___ PROVIDED MATERIAL ___
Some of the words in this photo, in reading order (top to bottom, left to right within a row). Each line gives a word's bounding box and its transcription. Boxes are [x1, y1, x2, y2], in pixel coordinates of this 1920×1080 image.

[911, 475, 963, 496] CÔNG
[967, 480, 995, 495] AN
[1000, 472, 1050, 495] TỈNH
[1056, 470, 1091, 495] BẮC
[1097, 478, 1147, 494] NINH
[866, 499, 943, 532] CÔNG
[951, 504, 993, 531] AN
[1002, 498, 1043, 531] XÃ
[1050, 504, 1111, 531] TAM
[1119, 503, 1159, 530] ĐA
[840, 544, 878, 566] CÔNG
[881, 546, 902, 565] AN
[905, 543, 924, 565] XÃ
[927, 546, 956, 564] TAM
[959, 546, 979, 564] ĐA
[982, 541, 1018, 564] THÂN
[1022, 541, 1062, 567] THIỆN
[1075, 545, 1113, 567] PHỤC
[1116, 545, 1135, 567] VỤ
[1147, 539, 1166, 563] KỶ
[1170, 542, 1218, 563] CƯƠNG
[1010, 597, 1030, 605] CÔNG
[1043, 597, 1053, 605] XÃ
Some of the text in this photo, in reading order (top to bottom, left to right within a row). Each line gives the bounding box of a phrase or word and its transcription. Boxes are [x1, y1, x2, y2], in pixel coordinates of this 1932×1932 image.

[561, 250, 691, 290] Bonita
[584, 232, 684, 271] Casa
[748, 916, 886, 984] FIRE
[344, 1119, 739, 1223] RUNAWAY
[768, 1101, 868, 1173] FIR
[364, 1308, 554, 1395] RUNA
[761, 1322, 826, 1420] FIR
___
**TASK TO CARRY OUT:**
Please transcribe word for word the lines from the line with "Some of the text" to the end of the material, both ends included.

**COMPLETED TASK:**
Some of the text in this photo, in reading order (top to bottom, left to right within a row). Each line gives the bounding box of a phrase or word and its transcription. Boxes are [x1, y1, x2, y2], in pixel coordinates of this 1932×1932 image.

[561, 250, 691, 290] Bonita
[584, 232, 684, 271] Casa
[748, 916, 886, 984] FIRE
[344, 1119, 739, 1223] RUNAWAY
[768, 1101, 868, 1173] FIR
[364, 1308, 554, 1395] RUNA
[761, 1322, 826, 1420] FIR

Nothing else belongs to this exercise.